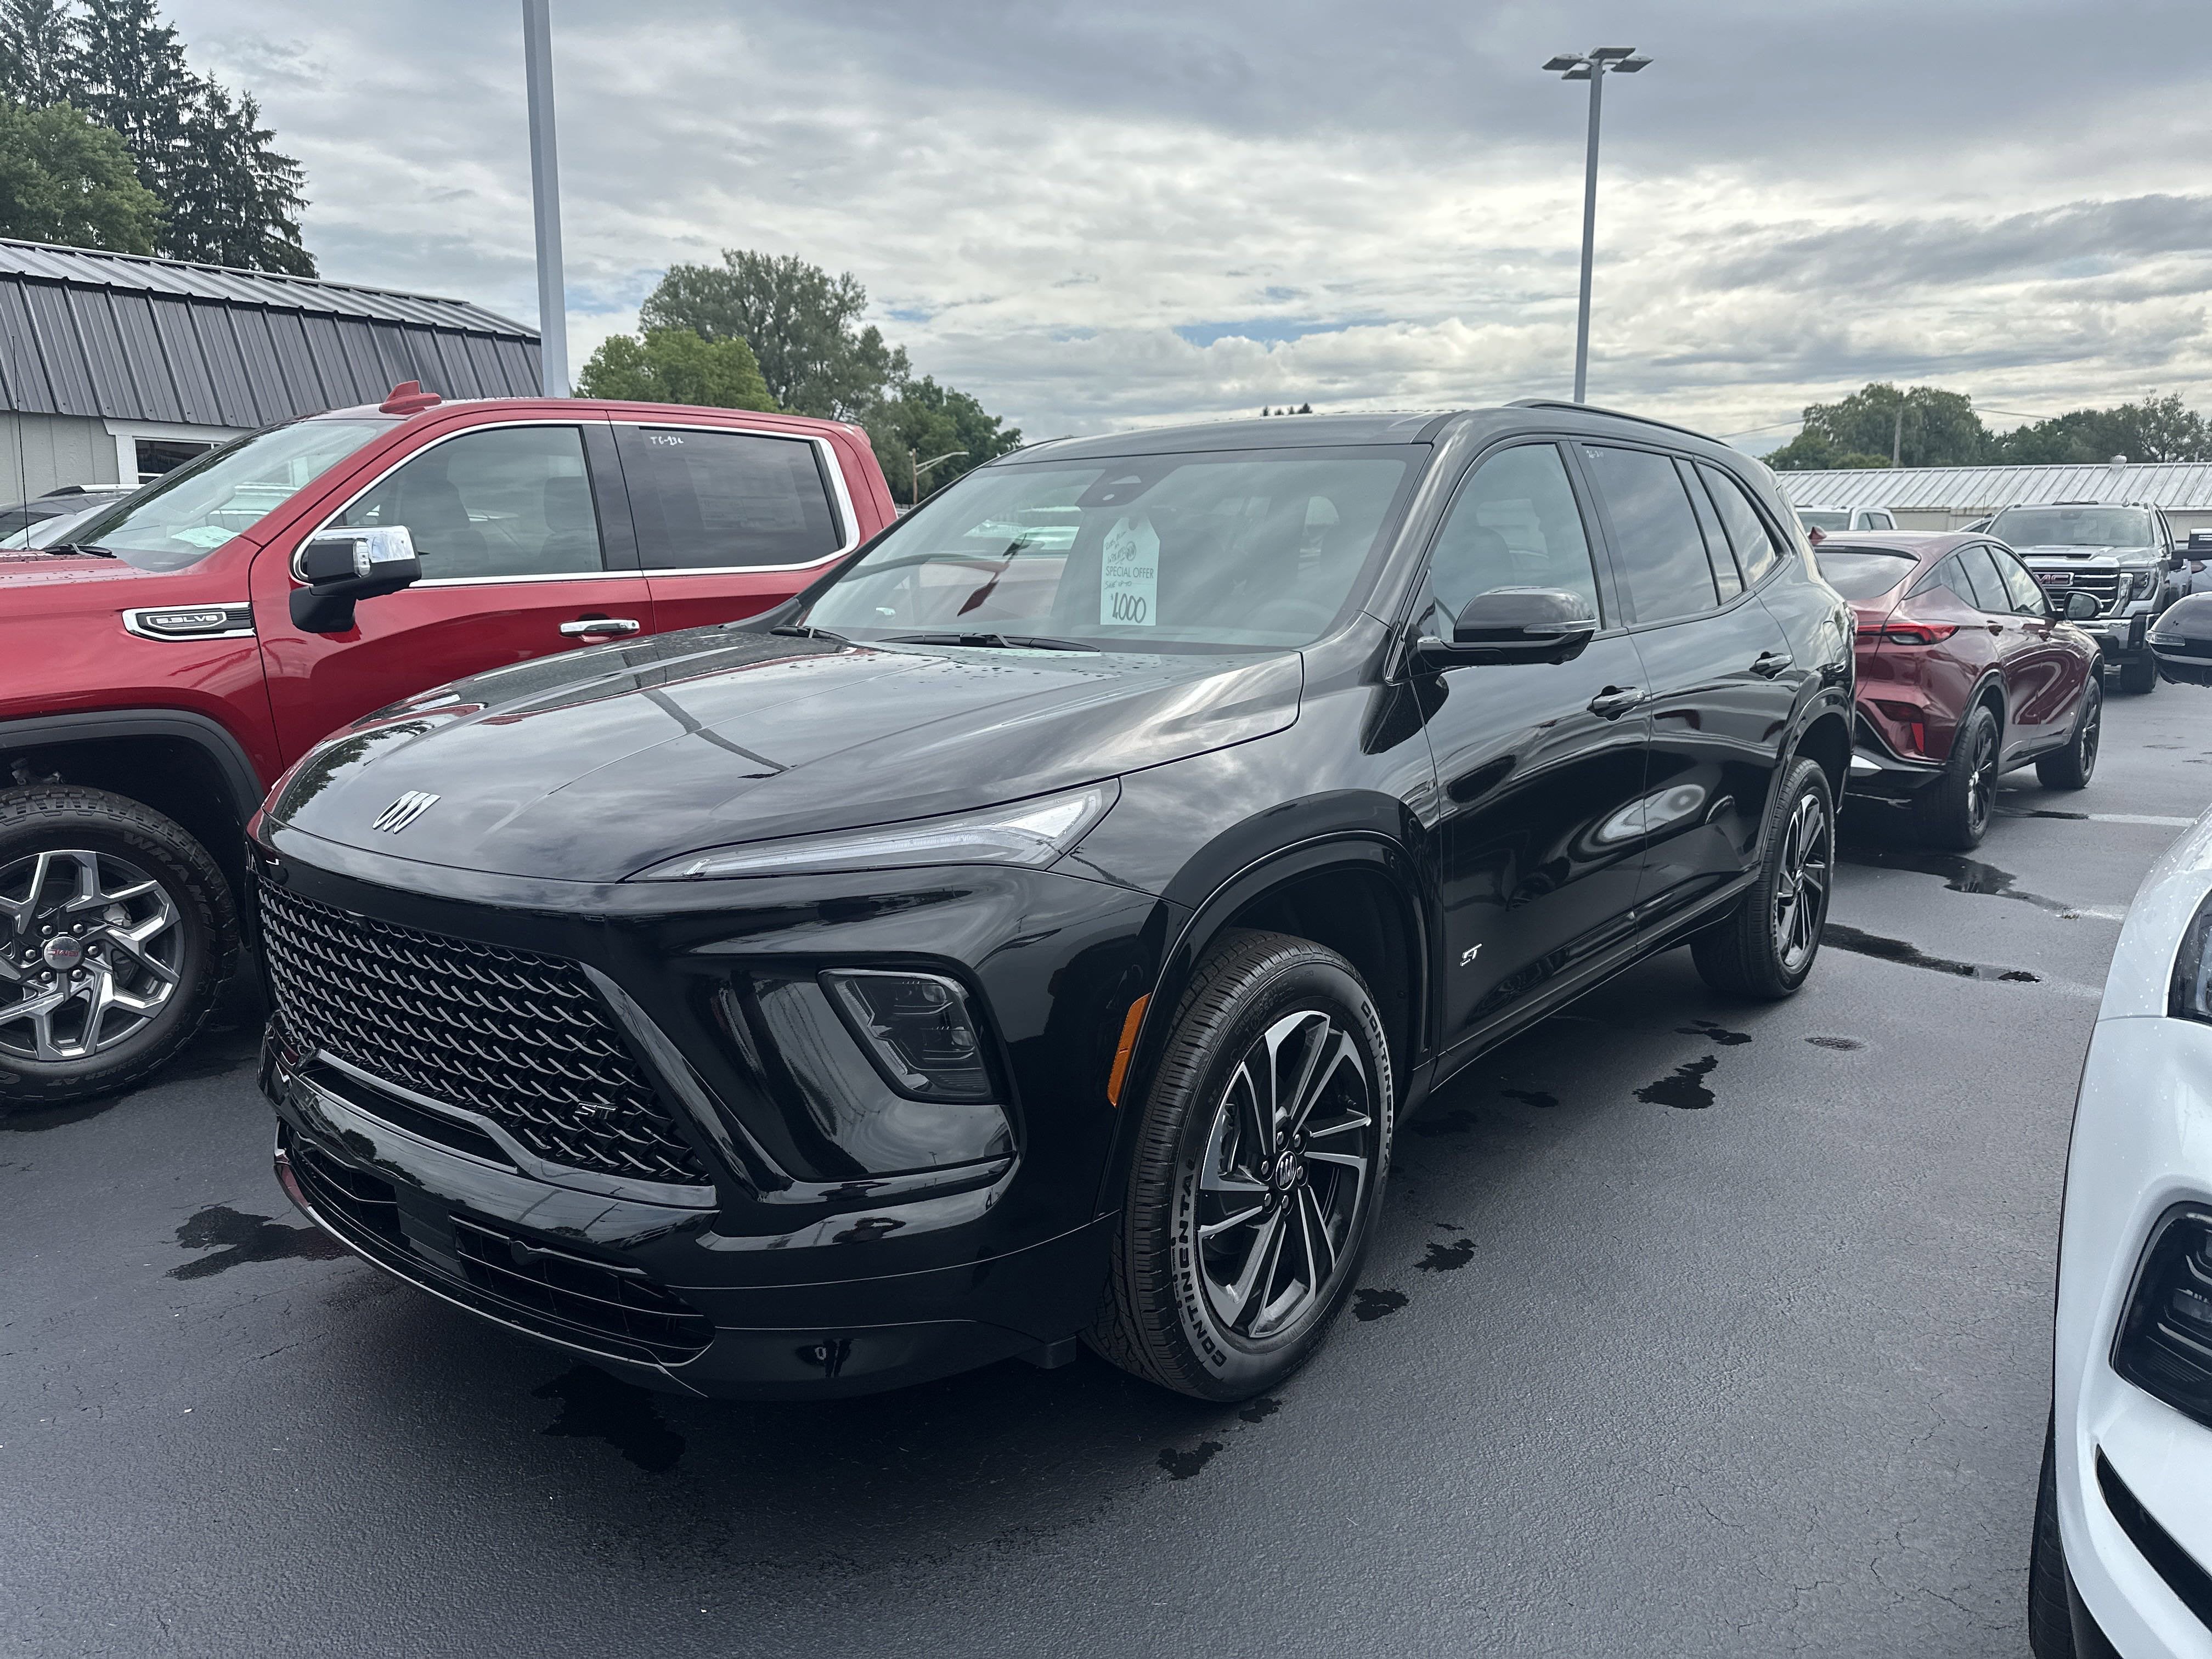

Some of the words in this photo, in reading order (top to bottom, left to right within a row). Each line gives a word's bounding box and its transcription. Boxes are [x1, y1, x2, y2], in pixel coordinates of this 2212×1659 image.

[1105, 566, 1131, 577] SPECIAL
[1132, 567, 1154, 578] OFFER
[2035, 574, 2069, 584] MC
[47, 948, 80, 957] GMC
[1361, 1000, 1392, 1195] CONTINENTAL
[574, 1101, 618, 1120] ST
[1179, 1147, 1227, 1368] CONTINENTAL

============

- _Assignment_: Output each line exactly as shown above; no pictures go in the copy.

- _Written response_:
Some of the words in this photo, in reading order (top to bottom, left to right within a row). Each line gives a word's bounding box and its transcription. Boxes are [x1, y1, x2, y2], in pixel coordinates of this 2212×1659 image.

[1105, 566, 1131, 577] SPECIAL
[1132, 567, 1154, 578] OFFER
[2035, 574, 2069, 584] MC
[47, 948, 80, 957] GMC
[1361, 1000, 1392, 1195] CONTINENTAL
[574, 1101, 618, 1120] ST
[1179, 1147, 1227, 1368] CONTINENTAL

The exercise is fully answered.